Mark Sapiro mark at msapiro.net
Sat May 16 05:26:16 CEST 2015


On 05/15/2015 06:51 PM, Bill Christensen wrote:
> 
> On 5/15/15 12:21 AM, Mark Sapiro wrote:
>> Privacy options... -> Subscription rules -> subscribe_policy st to
>> Require approval and then discard all requests. 
> when you say "discard all requests", is there a way to do that
> automatically?  Without email notices to the owner address?


Not really. If you set General Options -> admin_immed_notify to No,
there will be only one summary notice per day, and not the one per
request and you could modify Mailman's crontab to not run checkdbs or
run it less frequently than daily, but the requests will still be there.
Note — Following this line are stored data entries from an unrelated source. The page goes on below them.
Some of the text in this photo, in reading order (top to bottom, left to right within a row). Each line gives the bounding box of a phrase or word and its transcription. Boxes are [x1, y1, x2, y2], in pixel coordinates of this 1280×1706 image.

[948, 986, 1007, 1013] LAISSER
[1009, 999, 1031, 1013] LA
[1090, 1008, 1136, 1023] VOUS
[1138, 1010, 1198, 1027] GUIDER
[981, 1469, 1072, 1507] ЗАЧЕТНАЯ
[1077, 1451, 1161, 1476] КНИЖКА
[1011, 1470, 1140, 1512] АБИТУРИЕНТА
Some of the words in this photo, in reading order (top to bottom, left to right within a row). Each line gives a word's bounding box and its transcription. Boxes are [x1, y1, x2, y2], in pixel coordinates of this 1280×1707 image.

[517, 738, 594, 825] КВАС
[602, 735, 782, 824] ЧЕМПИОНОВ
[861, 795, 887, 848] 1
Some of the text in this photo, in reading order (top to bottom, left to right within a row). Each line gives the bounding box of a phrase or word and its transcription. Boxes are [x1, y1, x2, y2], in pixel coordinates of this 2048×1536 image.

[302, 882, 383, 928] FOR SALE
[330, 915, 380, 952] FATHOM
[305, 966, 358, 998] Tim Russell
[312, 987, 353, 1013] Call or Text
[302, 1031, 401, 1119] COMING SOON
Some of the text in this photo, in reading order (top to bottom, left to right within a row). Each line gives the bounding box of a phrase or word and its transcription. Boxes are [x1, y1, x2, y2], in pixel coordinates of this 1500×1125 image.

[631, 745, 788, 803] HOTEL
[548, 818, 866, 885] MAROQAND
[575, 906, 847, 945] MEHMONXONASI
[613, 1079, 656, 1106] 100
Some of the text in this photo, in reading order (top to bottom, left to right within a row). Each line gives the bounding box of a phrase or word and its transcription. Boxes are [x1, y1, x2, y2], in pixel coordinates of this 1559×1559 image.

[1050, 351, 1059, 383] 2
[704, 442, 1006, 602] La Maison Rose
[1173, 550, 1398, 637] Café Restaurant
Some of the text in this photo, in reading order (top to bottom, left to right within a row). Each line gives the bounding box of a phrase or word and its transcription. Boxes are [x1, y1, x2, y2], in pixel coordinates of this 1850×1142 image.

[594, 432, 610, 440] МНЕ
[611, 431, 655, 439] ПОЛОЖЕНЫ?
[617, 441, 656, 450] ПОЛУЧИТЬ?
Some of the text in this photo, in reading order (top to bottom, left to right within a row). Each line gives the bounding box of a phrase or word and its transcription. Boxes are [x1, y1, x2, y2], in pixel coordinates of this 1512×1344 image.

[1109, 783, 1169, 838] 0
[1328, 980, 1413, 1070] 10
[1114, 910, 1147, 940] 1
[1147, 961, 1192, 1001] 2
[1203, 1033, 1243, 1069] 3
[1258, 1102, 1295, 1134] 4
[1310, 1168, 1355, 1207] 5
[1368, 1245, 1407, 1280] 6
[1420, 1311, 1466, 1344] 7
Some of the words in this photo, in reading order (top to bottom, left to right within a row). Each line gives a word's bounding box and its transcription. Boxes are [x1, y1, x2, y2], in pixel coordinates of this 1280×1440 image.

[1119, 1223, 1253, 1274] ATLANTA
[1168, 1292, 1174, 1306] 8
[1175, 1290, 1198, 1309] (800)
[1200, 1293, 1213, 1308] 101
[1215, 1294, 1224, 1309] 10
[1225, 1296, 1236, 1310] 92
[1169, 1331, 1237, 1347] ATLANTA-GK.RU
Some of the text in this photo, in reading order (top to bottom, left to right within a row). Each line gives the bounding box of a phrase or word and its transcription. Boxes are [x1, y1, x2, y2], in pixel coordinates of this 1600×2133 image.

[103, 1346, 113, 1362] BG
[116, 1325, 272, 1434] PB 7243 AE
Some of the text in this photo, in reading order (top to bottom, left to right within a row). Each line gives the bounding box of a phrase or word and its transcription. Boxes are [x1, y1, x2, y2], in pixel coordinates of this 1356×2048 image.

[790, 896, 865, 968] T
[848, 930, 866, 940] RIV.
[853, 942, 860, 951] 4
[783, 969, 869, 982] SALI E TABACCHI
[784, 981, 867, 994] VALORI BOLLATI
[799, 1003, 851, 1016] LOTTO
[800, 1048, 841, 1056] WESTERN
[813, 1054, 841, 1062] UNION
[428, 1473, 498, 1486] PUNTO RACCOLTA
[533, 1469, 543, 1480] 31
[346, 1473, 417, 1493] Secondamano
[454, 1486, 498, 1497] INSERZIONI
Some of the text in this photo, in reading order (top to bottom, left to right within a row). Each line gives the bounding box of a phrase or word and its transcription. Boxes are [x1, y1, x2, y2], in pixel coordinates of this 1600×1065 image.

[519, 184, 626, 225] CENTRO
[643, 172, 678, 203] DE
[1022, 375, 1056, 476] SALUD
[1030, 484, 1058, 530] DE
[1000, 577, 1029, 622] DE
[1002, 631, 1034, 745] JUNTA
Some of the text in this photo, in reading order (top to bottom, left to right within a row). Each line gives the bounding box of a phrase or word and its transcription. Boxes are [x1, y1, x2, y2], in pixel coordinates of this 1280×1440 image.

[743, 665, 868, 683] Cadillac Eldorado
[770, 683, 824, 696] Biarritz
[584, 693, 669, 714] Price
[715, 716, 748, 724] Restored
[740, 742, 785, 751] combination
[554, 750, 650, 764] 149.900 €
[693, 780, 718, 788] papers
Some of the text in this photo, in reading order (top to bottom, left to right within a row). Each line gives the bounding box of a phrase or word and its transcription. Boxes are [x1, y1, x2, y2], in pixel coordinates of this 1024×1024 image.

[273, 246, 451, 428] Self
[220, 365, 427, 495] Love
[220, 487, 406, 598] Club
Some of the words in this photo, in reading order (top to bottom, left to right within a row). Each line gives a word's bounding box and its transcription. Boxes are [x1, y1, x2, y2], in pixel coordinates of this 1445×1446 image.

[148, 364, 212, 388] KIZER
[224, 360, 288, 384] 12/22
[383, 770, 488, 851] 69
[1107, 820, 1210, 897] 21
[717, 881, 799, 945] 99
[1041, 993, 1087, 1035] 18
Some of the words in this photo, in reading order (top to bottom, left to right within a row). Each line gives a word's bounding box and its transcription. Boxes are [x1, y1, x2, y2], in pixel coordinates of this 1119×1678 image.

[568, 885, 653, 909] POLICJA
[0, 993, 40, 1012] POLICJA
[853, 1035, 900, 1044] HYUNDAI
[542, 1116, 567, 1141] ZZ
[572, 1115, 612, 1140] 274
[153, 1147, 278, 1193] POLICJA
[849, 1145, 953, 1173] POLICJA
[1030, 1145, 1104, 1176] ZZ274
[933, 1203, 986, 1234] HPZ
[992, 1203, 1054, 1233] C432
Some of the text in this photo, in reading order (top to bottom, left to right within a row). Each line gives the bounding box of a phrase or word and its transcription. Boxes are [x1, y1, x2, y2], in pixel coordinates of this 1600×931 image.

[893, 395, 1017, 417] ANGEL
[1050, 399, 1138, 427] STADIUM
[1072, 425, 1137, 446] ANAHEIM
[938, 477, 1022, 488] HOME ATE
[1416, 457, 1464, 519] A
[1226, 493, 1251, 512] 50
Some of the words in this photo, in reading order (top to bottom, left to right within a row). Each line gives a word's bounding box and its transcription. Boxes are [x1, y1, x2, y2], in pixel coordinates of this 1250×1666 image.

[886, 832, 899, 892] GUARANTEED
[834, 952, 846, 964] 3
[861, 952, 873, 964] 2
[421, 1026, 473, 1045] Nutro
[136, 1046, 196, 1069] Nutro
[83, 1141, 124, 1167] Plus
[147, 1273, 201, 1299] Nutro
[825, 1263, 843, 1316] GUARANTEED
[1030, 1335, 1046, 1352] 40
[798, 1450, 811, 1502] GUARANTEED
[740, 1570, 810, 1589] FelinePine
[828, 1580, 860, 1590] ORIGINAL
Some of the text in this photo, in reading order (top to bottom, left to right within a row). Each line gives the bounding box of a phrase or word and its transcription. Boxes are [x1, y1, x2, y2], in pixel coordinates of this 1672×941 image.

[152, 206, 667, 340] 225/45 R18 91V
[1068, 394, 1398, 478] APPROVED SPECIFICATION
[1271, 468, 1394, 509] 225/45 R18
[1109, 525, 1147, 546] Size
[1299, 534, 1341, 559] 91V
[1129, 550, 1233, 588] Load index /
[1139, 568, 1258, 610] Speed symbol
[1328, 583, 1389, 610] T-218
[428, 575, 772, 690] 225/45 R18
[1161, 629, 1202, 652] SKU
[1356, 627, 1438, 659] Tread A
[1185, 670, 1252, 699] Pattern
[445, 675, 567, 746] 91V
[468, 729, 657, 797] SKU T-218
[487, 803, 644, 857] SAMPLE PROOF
There is no automatic discard, but it wouldn't be hard to create a
script that discards all outstanding subscription requests for a list
(or all lists) and run it daily just before checkdbs runs so checkdbs
would have nothing to report.

In fact, if you wanted to be really crude and ignore all requests for a
list you could just remove the lists/listname/request.pck file. This
would effectively discard all requests. You have to be carful because
you don't want to do this if there are held messages because then the
message files would be orphaned, but something like (adjust list, prefix
and var_prefix to suit

#! /bin/sh
list=LISTNAME
prefix=/usr/lib/mailman
var_prefix=/var/lib/mailman
ls $var_prefix/data/heldmsg-$list-* | xargs $prefix/bin/discard
rm $var_prefix/lists/$list/request.pck

would discard all held messages and then discard the remaining subscribe
(and unsubscribe if unsubscribe_policy is Yes) requests. You could add
this to the crontab to run just before checkdbs, or add

$prefix/cron/checkdbs

to the end of it and run it instead of checkdbs. That all assumes you
might have other lists you want to treat normally.

There are other things you can do as well, but, looking at your original
post, I see I didn't fully register the situation. If your Mailman is at
least 2.1.16, all you need to do is set

SUBSCRIBE_FORM_SECRET = 'Some string unique to your site"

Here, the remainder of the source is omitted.